Material for this exercise:

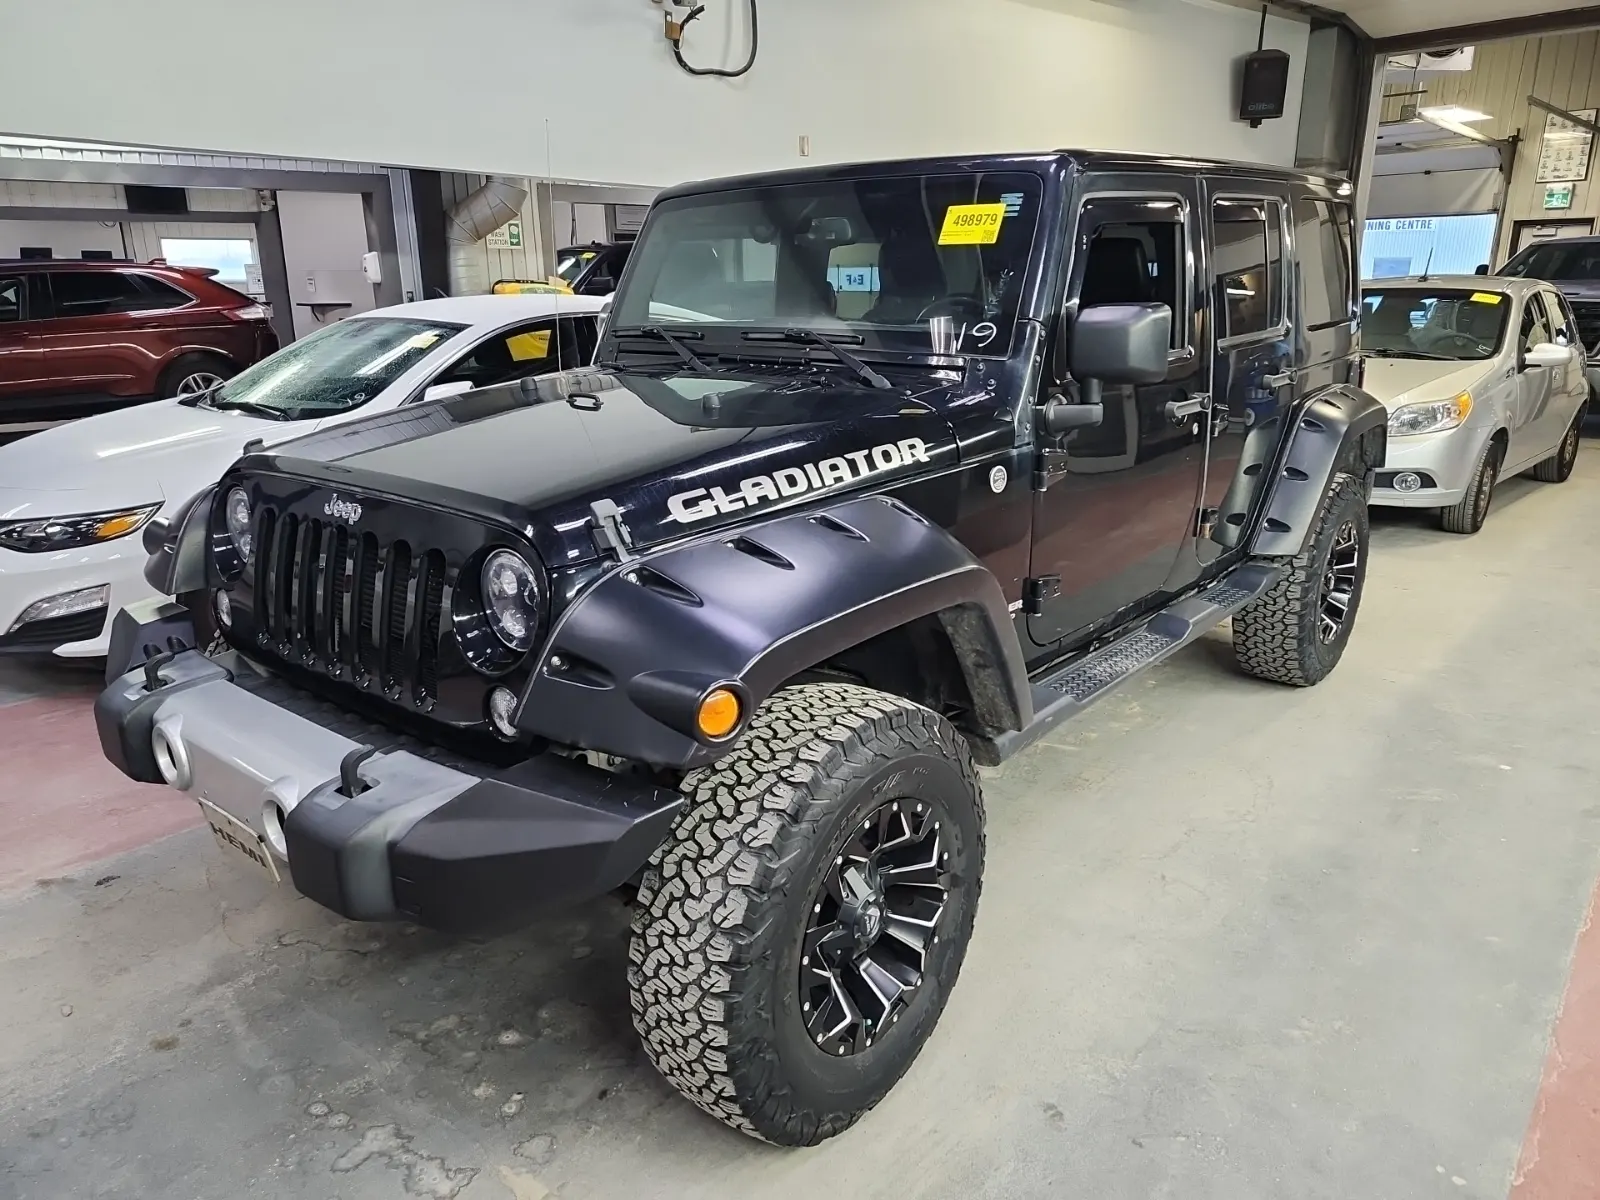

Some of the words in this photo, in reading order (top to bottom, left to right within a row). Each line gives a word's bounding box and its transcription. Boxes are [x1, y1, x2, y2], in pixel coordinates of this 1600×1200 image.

[953, 213, 998, 227] 498979
[1365, 220, 1391, 231] NING
[1395, 219, 1433, 230] CENTRE
[488, 238, 509, 246] STATION
[956, 321, 997, 351] 19
[667, 437, 931, 524] GLADIATOR
[323, 493, 362, 525] Jeep
[209, 820, 268, 869] HEMI
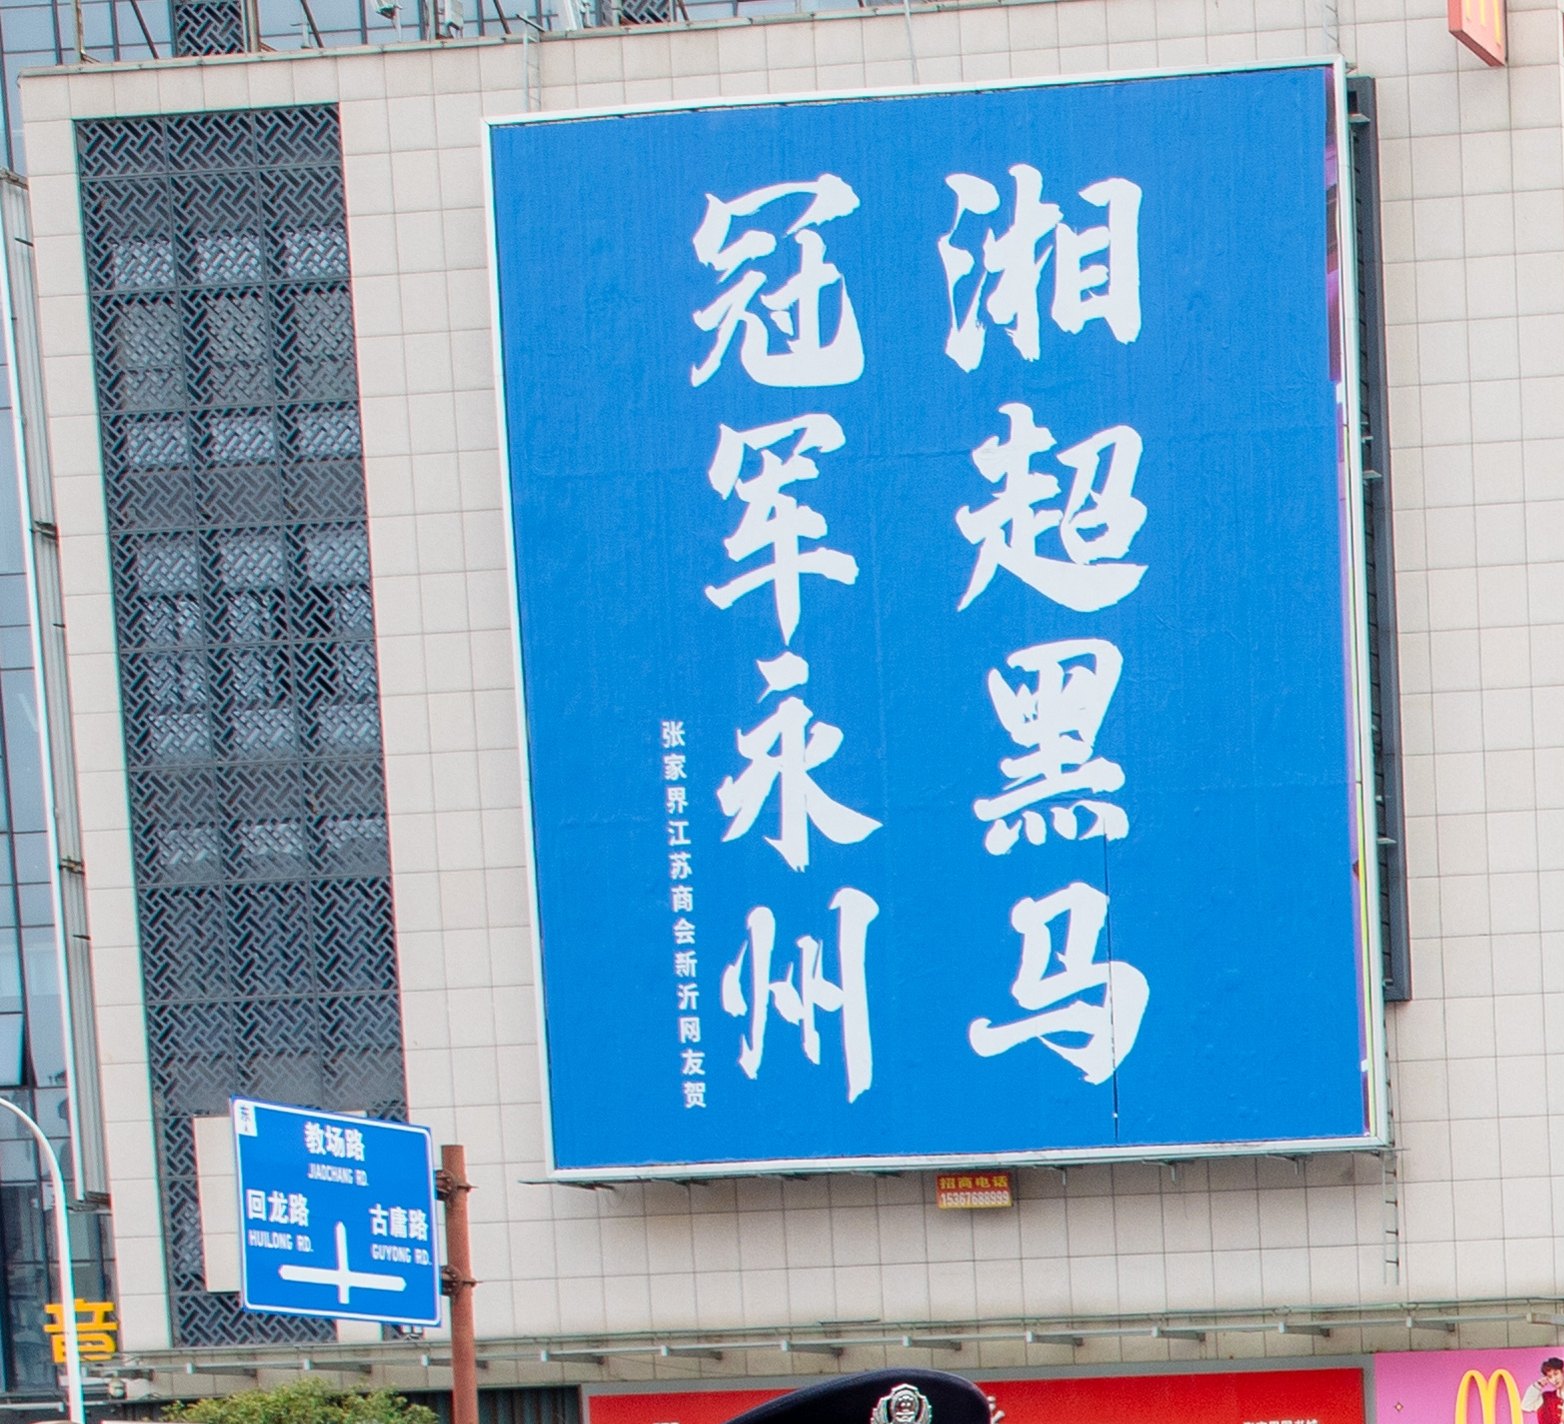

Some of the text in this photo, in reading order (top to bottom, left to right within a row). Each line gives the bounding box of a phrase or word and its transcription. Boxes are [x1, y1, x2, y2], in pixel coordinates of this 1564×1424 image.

[689, 173, 882, 1104] 冠军永州
[941, 164, 1149, 1087] 湘超黑马
[662, 721, 706, 1108] 张家界江苏商会新沂网友贺
[304, 1122, 366, 1161] 教场路
[307, 1163, 354, 1184] JIAOCHANG
[246, 1189, 309, 1227] 回龙路
[368, 1203, 428, 1241] 古庸路
[248, 1229, 293, 1250] HUILONG
[371, 1244, 411, 1263] GUYONG
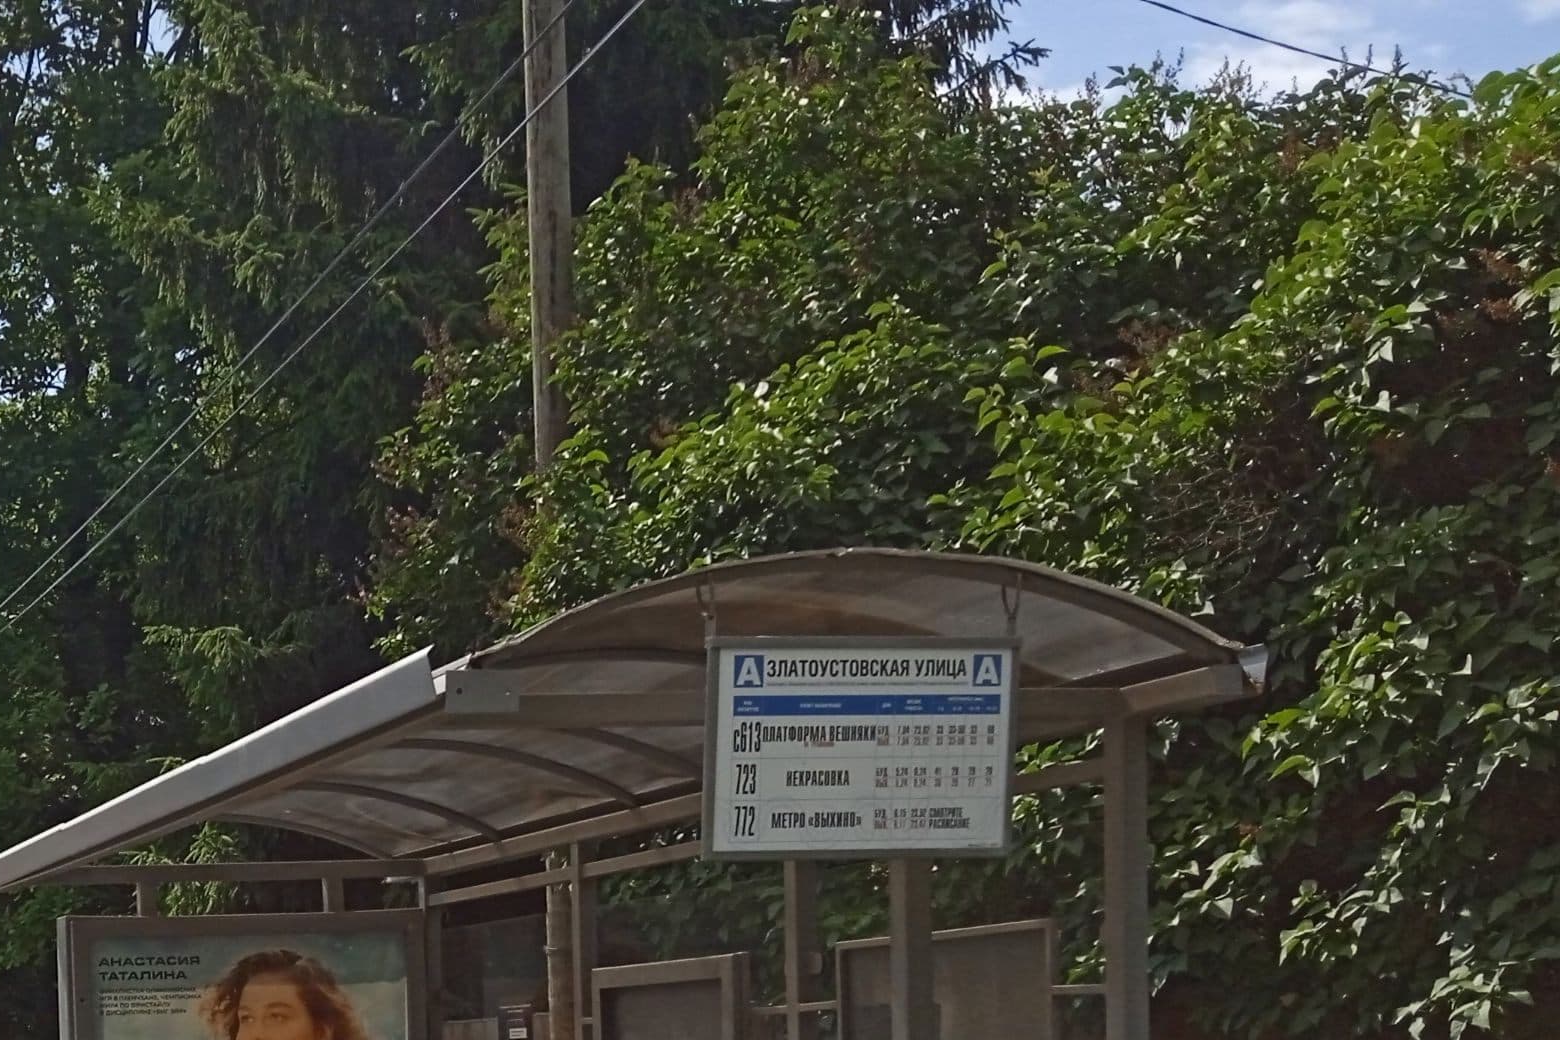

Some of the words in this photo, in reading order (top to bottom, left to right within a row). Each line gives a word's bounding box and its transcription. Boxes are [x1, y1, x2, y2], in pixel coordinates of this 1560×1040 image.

[735, 656, 762, 687] А
[766, 658, 909, 678] ЗЛАТОУСТОВСКАЯ
[914, 658, 967, 680] УЛИЦА
[974, 655, 999, 686] А
[762, 725, 827, 743] ПЛАТФОРМА
[829, 724, 877, 742] ВЕШНЯКИ
[735, 763, 757, 795] 723
[785, 769, 850, 787] НЕКРАСОВКА
[734, 805, 756, 837] 772
[771, 812, 806, 829] МЕТРО
[808, 811, 862, 828] «ВЫХИНО»
[98, 955, 201, 968] АНАСТАСИЯ
[98, 970, 188, 982] ТАТАЛИНА

Your goal: Repeat the data above exactly, but not the pictures.

Task solution:
Some of the words in this photo, in reading order (top to bottom, left to right within a row). Each line gives a word's bounding box and its transcription. Boxes are [x1, y1, x2, y2], in pixel coordinates of this 1600×1200 image.

[953, 213, 998, 227] 498979
[1365, 220, 1391, 231] NING
[1395, 219, 1433, 230] CENTRE
[488, 238, 509, 246] STATION
[956, 321, 997, 351] 19
[667, 437, 931, 524] GLADIATOR
[323, 493, 362, 525] Jeep
[209, 820, 268, 869] HEMI

Some of the text in this photo, in reading order (top to bottom, left to right within a row). Each line gives the bounding box of a phrase or word and its transcription. Boxes are [x1, y1, x2, y2], in pixel coordinates of this 1564×1424 image.

[689, 173, 882, 1104] 冠军永州
[941, 164, 1149, 1087] 湘超黑马
[662, 721, 706, 1108] 张家界江苏商会新沂网友贺
[304, 1122, 366, 1161] 教场路
[307, 1163, 354, 1184] JIAOCHANG
[246, 1189, 309, 1227] 回龙路
[368, 1203, 428, 1241] 古庸路
[248, 1229, 293, 1250] HUILONG
[371, 1244, 411, 1263] GUYONG

Some of the words in this photo, in reading order (top to bottom, left to right within a row). Each line gives a word's bounding box and its transcription. Boxes are [x1, y1, x2, y2], in pixel coordinates of this 1560×1040 image.

[735, 656, 762, 687] А
[766, 658, 909, 678] ЗЛАТОУСТОВСКАЯ
[914, 658, 967, 680] УЛИЦА
[974, 655, 999, 686] А
[762, 725, 827, 743] ПЛАТФОРМА
[829, 724, 877, 742] ВЕШНЯКИ
[735, 763, 757, 795] 723
[785, 769, 850, 787] НЕКРАСОВКА
[734, 805, 756, 837] 772
[771, 812, 806, 829] МЕТРО
[808, 811, 862, 828] «ВЫХИНО»
[98, 955, 201, 968] АНАСТАСИЯ
[98, 970, 188, 982] ТАТАЛИНА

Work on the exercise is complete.